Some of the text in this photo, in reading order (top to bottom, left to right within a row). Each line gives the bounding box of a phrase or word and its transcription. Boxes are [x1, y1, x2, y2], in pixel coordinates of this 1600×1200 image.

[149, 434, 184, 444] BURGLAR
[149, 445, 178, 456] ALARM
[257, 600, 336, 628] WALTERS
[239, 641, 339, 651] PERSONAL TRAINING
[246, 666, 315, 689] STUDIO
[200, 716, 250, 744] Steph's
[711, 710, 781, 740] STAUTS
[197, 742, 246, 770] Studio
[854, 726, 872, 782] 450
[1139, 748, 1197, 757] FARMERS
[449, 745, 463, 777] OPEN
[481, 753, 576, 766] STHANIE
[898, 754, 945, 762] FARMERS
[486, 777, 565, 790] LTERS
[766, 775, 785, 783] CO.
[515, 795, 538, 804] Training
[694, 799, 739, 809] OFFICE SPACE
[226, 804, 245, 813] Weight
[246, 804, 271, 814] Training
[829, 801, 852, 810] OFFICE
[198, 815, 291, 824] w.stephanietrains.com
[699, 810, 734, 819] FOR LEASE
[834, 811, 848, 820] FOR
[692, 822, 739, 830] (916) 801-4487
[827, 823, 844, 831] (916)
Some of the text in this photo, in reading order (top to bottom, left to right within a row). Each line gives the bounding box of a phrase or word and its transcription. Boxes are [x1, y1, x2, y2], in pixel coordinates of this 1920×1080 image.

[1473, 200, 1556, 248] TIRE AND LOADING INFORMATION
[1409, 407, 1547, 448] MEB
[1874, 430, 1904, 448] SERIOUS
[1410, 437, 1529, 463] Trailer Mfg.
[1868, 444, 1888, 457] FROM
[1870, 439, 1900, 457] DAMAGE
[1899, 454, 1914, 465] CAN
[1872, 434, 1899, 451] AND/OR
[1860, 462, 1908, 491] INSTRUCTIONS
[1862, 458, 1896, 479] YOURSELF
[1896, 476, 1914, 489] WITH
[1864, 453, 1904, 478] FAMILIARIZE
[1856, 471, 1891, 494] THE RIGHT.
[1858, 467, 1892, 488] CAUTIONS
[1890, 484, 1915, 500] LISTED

» **What is needed**: Please output the records once more, exactly as they were written.

» **Task answer**:
Some of the text in this photo, in reading order (top to bottom, left to right within a row). Each line gives the bounding box of a phrase or word and its transcription. Boxes are [x1, y1, x2, y2], in pixel coordinates of this 1600×1200 image.

[149, 434, 184, 444] BURGLAR
[149, 445, 178, 456] ALARM
[257, 600, 336, 628] WALTERS
[239, 641, 339, 651] PERSONAL TRAINING
[246, 666, 315, 689] STUDIO
[200, 716, 250, 744] Steph's
[711, 710, 781, 740] STAUTS
[197, 742, 246, 770] Studio
[854, 726, 872, 782] 450
[1139, 748, 1197, 757] FARMERS
[449, 745, 463, 777] OPEN
[481, 753, 576, 766] STHANIE
[898, 754, 945, 762] FARMERS
[486, 777, 565, 790] LTERS
[766, 775, 785, 783] CO.
[515, 795, 538, 804] Training
[694, 799, 739, 809] OFFICE SPACE
[226, 804, 245, 813] Weight
[246, 804, 271, 814] Training
[829, 801, 852, 810] OFFICE
[198, 815, 291, 824] w.stephanietrains.com
[699, 810, 734, 819] FOR LEASE
[834, 811, 848, 820] FOR
[692, 822, 739, 830] (916) 801-4487
[827, 823, 844, 831] (916)
Some of the text in this photo, in reading order (top to bottom, left to right within a row). Each line gives the bounding box of a phrase or word and its transcription. Boxes are [x1, y1, x2, y2], in pixel coordinates of this 1920×1080 image.

[1473, 200, 1556, 248] TIRE AND LOADING INFORMATION
[1409, 407, 1547, 448] MEB
[1874, 430, 1904, 448] SERIOUS
[1410, 437, 1529, 463] Trailer Mfg.
[1868, 444, 1888, 457] FROM
[1870, 439, 1900, 457] DAMAGE
[1899, 454, 1914, 465] CAN
[1872, 434, 1899, 451] AND/OR
[1860, 462, 1908, 491] INSTRUCTIONS
[1862, 458, 1896, 479] YOURSELF
[1896, 476, 1914, 489] WITH
[1864, 453, 1904, 478] FAMILIARIZE
[1856, 471, 1891, 494] THE RIGHT.
[1858, 467, 1892, 488] CAUTIONS
[1890, 484, 1915, 500] LISTED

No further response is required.